= What is needed =
Line by line, copy the records below exactly and leave the pictures out.

= Given data =
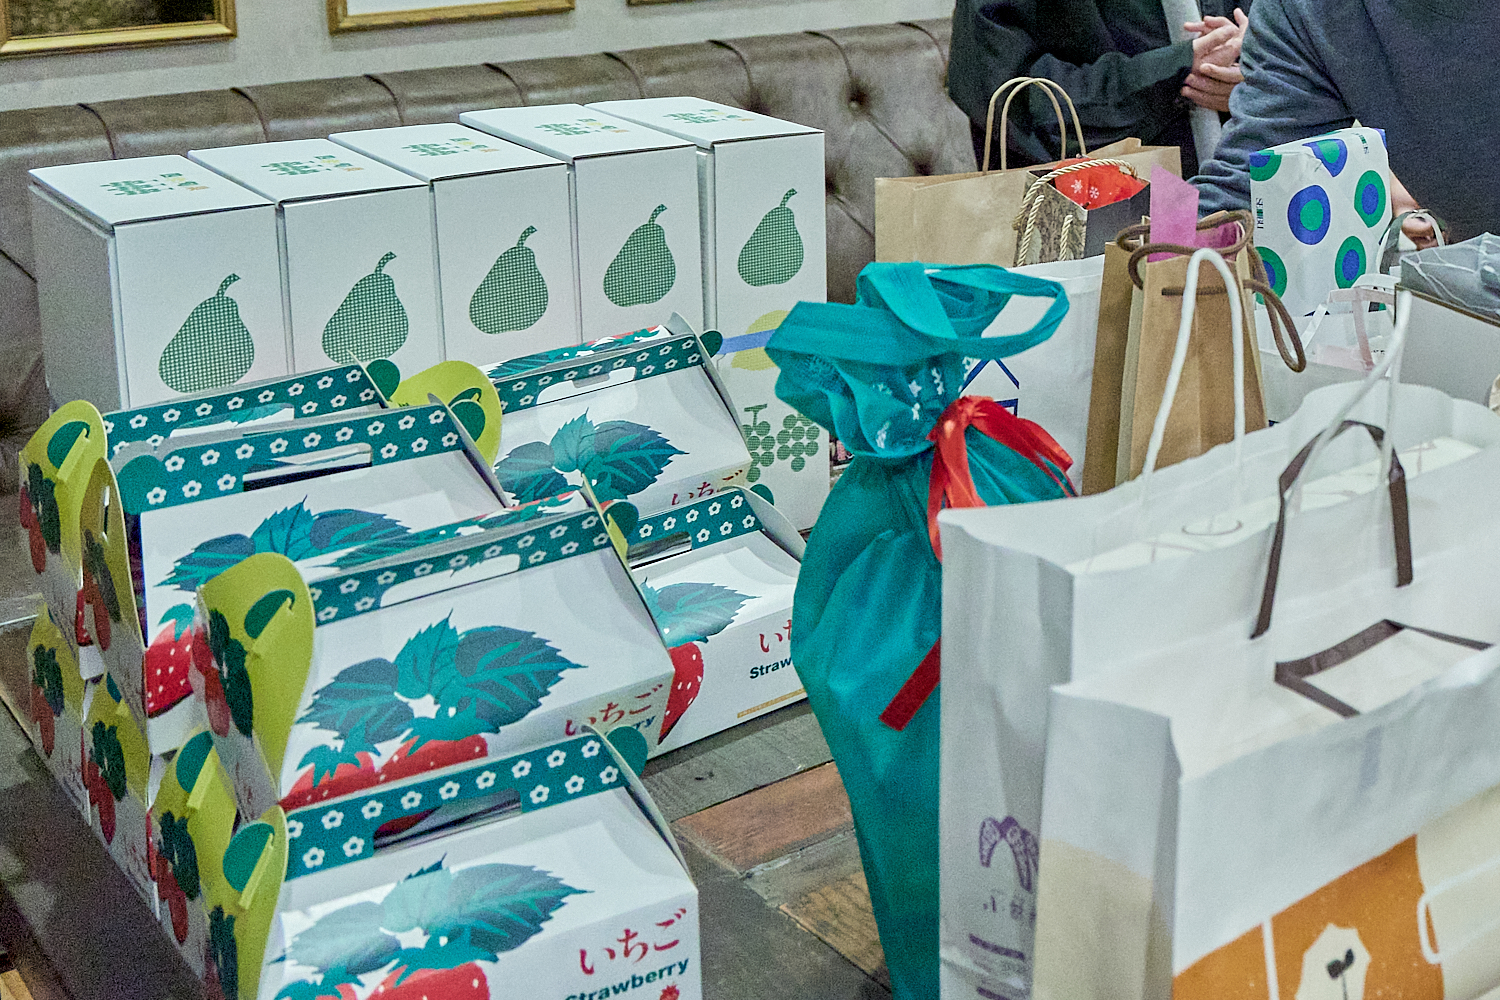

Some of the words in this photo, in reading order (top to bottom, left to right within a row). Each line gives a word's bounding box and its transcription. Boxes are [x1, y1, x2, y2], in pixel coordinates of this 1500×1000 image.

[564, 683, 663, 736] いちご
[579, 908, 687, 975] いちご
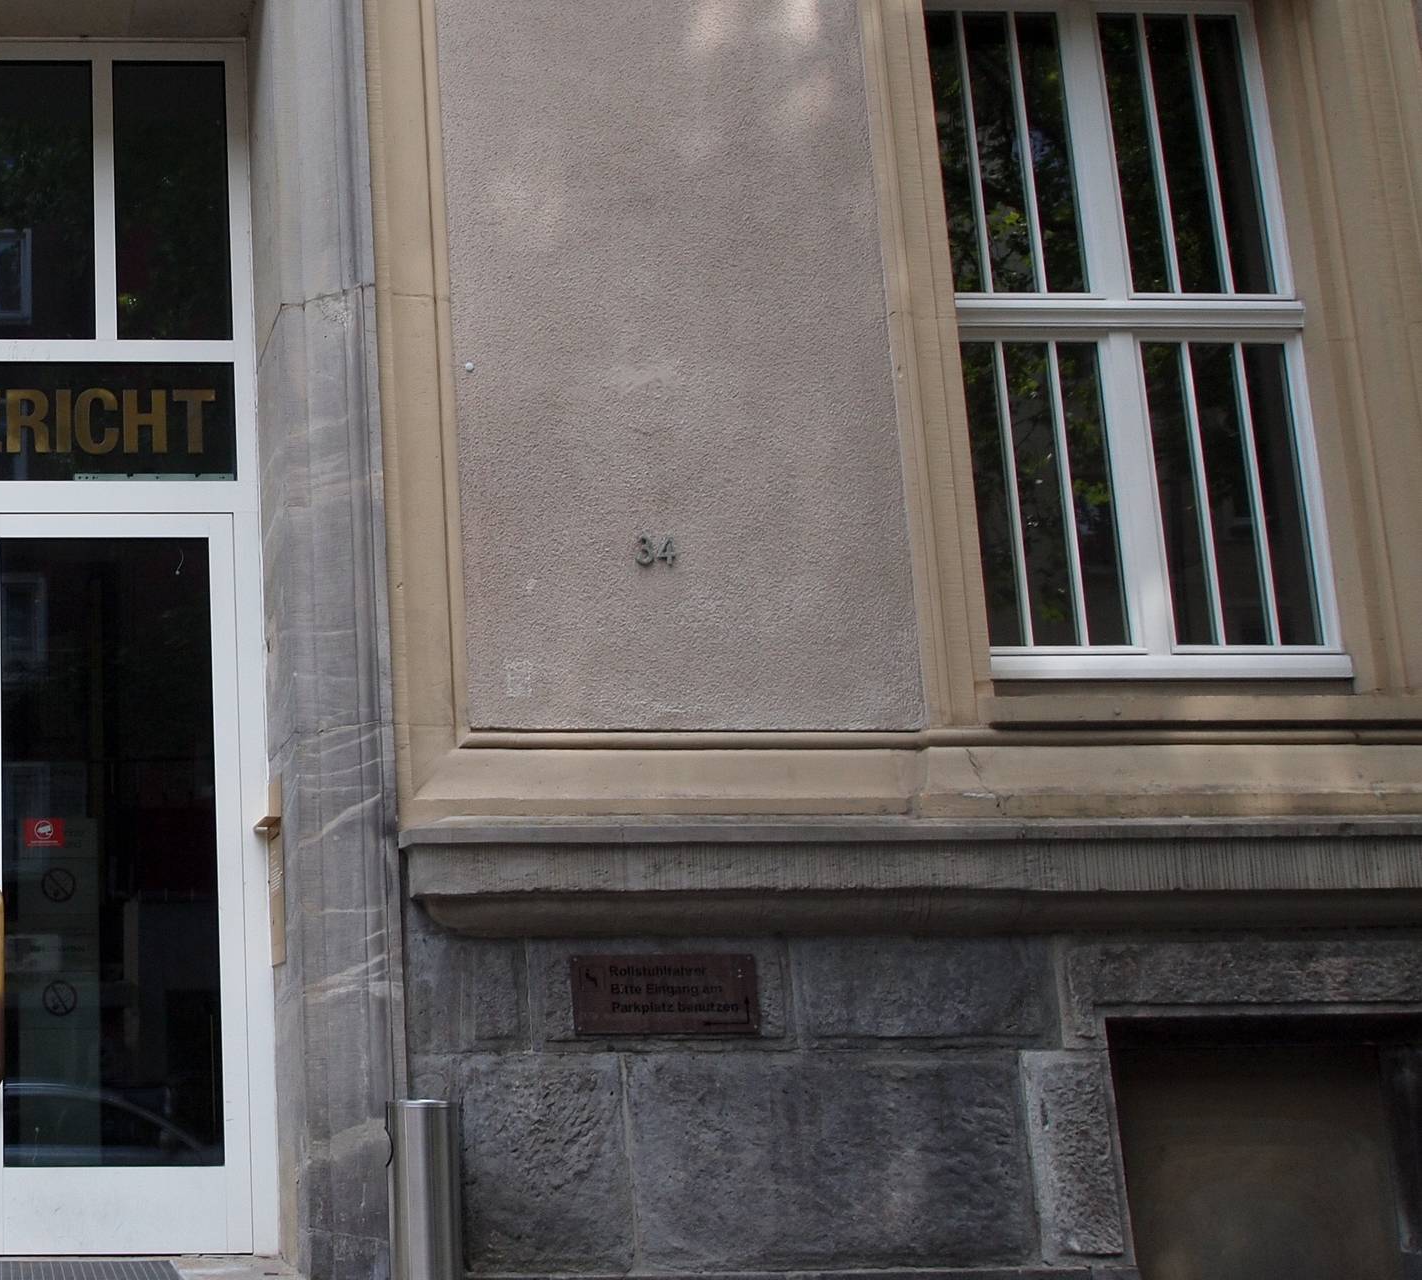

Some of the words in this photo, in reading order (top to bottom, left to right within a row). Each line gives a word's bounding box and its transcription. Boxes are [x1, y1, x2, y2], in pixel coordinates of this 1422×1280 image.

[635, 528, 676, 567] 34
[610, 983, 642, 995] Bitte
[646, 983, 700, 997] Eingang
[702, 986, 723, 995] am
[611, 1001, 674, 1014] Parkplatz
[677, 1001, 739, 1013] benutzen
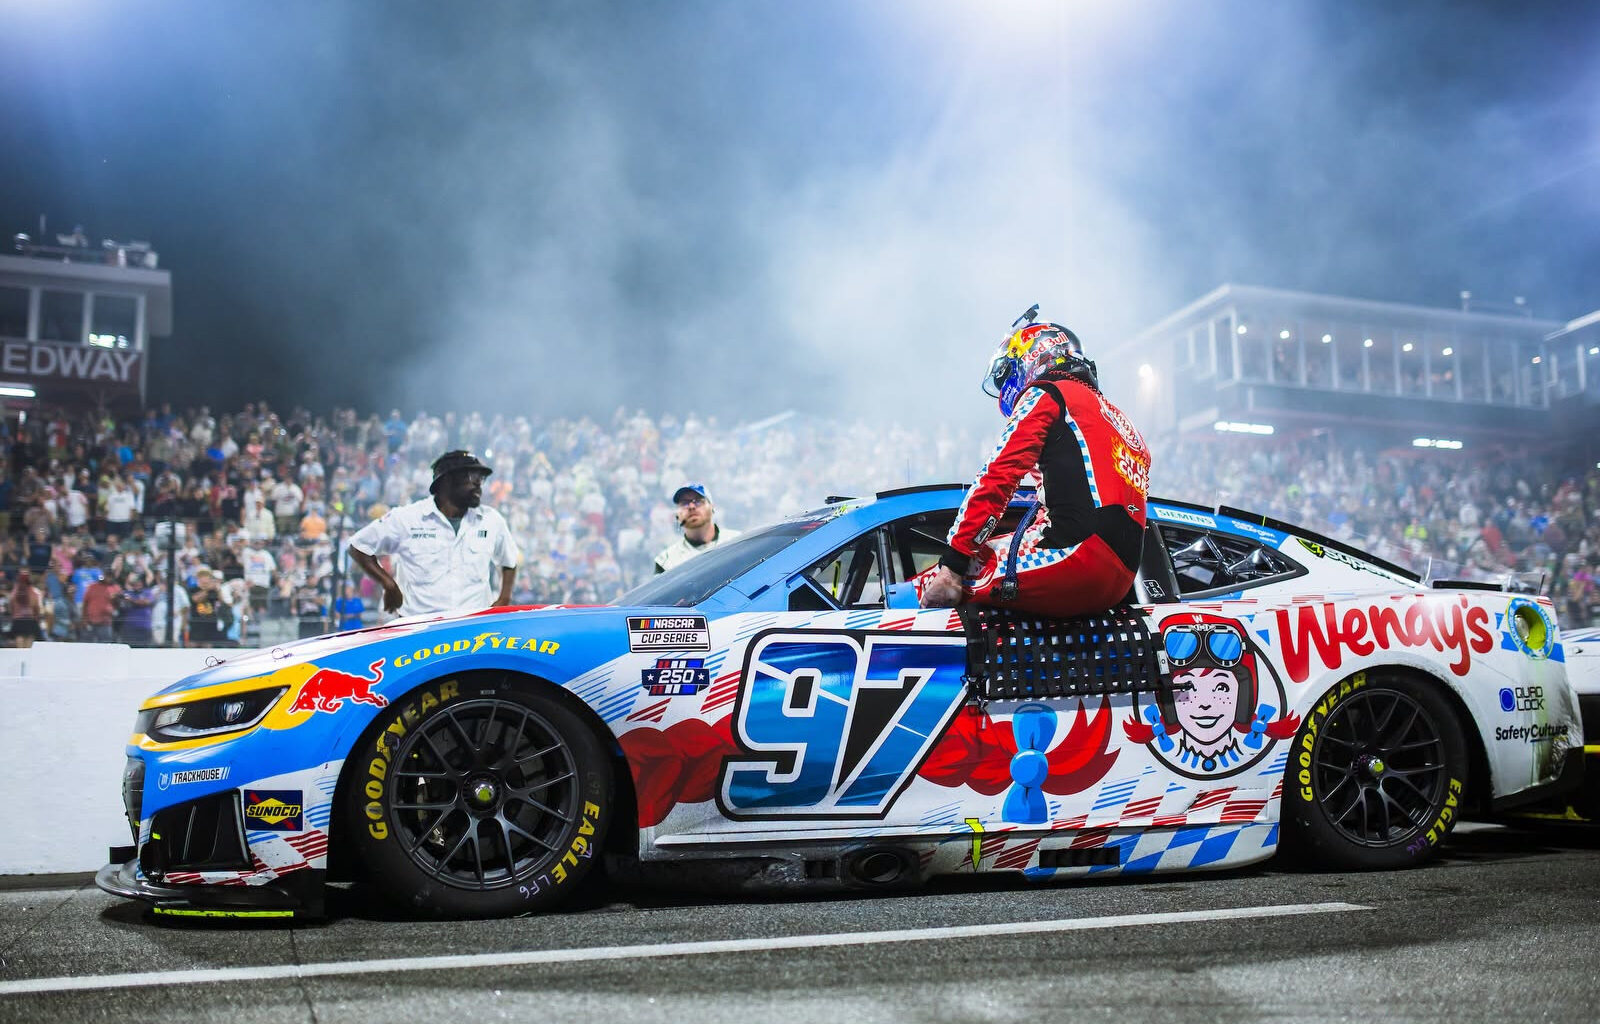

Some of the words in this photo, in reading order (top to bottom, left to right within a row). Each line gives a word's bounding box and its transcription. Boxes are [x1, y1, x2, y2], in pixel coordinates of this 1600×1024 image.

[1022, 342, 1047, 362] Red
[1119, 447, 1136, 469] LET
[1158, 509, 1213, 525] SIEMENS
[653, 618, 695, 629] NASCAR
[641, 633, 662, 644] CUP
[663, 632, 698, 643] SERIES
[1276, 594, 1493, 683] Wendy's
[658, 669, 695, 684] 250
[1515, 686, 1543, 699] QUAD
[1517, 699, 1545, 711] LOCK
[720, 631, 968, 816] 97
[174, 769, 220, 784] TRACKHOUSE
[247, 806, 300, 817] SUNOCO
[1425, 777, 1462, 847] EAGLE
[551, 800, 600, 884] EAGLE

= Reply to the task =
Some of the words in this photo, in reading order (top to bottom, left to right within a row). Each line gives a word's bounding box and its transcription. Boxes are [x1, y1, x2, y2], in pixel coordinates of this 1500×1000 image.

[564, 683, 663, 736] いちご
[579, 908, 687, 975] いちご

Some of the words in this photo, in reading order (top to bottom, left to right within a row). Each line gives a word's bounding box and its transcription. Boxes are [x1, y1, x2, y2], in pixel coordinates of this 1422×1280 image.

[635, 528, 676, 567] 34
[610, 983, 642, 995] Bitte
[646, 983, 700, 997] Eingang
[702, 986, 723, 995] am
[611, 1001, 674, 1014] Parkplatz
[677, 1001, 739, 1013] benutzen

Some of the words in this photo, in reading order (top to bottom, left to right within a row). Each line gives a word's bounding box and its transcription. Boxes are [x1, y1, x2, y2], in pixel coordinates of this 1600×1024 image.

[1022, 342, 1047, 362] Red
[1119, 447, 1136, 469] LET
[1158, 509, 1213, 525] SIEMENS
[653, 618, 695, 629] NASCAR
[641, 633, 662, 644] CUP
[663, 632, 698, 643] SERIES
[1276, 594, 1493, 683] Wendy's
[658, 669, 695, 684] 250
[1515, 686, 1543, 699] QUAD
[1517, 699, 1545, 711] LOCK
[720, 631, 968, 816] 97
[174, 769, 220, 784] TRACKHOUSE
[247, 806, 300, 817] SUNOCO
[1425, 777, 1462, 847] EAGLE
[551, 800, 600, 884] EAGLE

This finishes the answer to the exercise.